In a 'survival guide' for the 2013/14 GP contract, the GPC urged practices to carefully consider whether each new indicator should be targeted and to remember that QOF 'remains voluntary'.
It said that although NHS management had seen QOF achievement as a mark of practice competence, the huge demands of the new contract mean practices should take a 'more cautious and balanced approach'.
The GPC said: 'As practices start to take this approach, some will see a reduction in their QOF achievement. Far from indicating a struggling practice, a reduction in QOF achievement may be the result of business rationale and wholly appropriate clinical decisions.
'Practices need to consider all costs associated with the new work against the resources available.'
If practices followed the advice it would mark a shift towards QOF being a 'menu' of possible targets, in contrast with GPs feeling obliged to chase all available points as before.

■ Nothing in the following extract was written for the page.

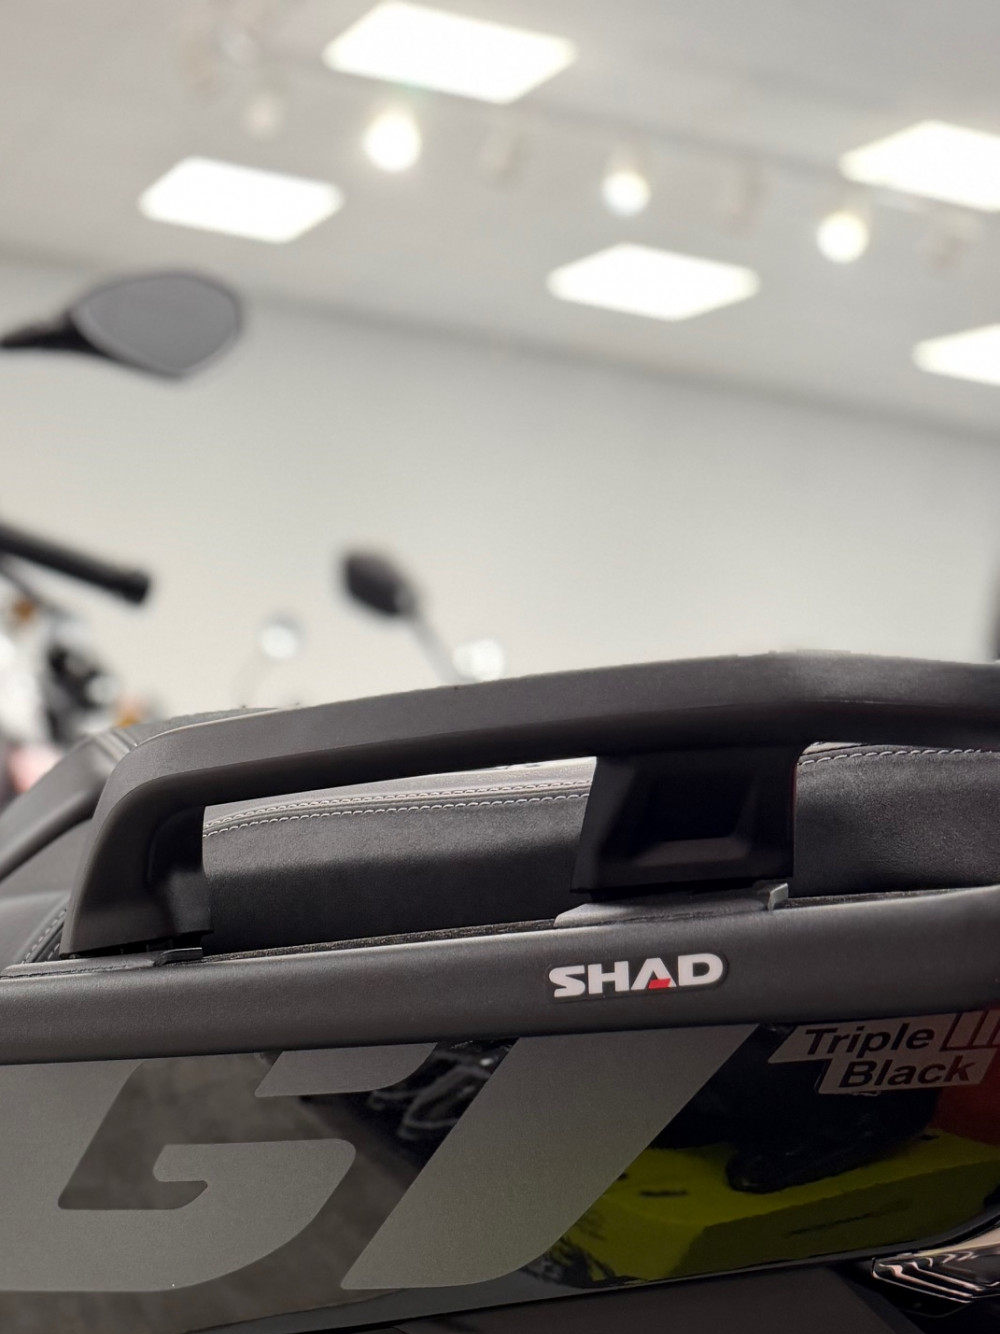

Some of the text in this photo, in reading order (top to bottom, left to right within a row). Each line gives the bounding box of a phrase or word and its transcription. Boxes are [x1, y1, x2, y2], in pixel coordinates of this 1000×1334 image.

GP leaders said it was 'inevitable' exception reporting will rise across many new areas of QOF, yet warned that practices may be forced to justify any increases as the DH does not expect a significant rise.
The GPC also repeated warnings that the contract changes will push up workload, reduce income, harm care and affect patient access to GP surgeries.
The GP contract was set by the government for 2013/14 following a breakdown in talks in autumn 2012. A consultation followed between December and February, and the final details were announced in March.
These included a raft of new targets proposed by NICE, some of which the GPC had rejected out of hand.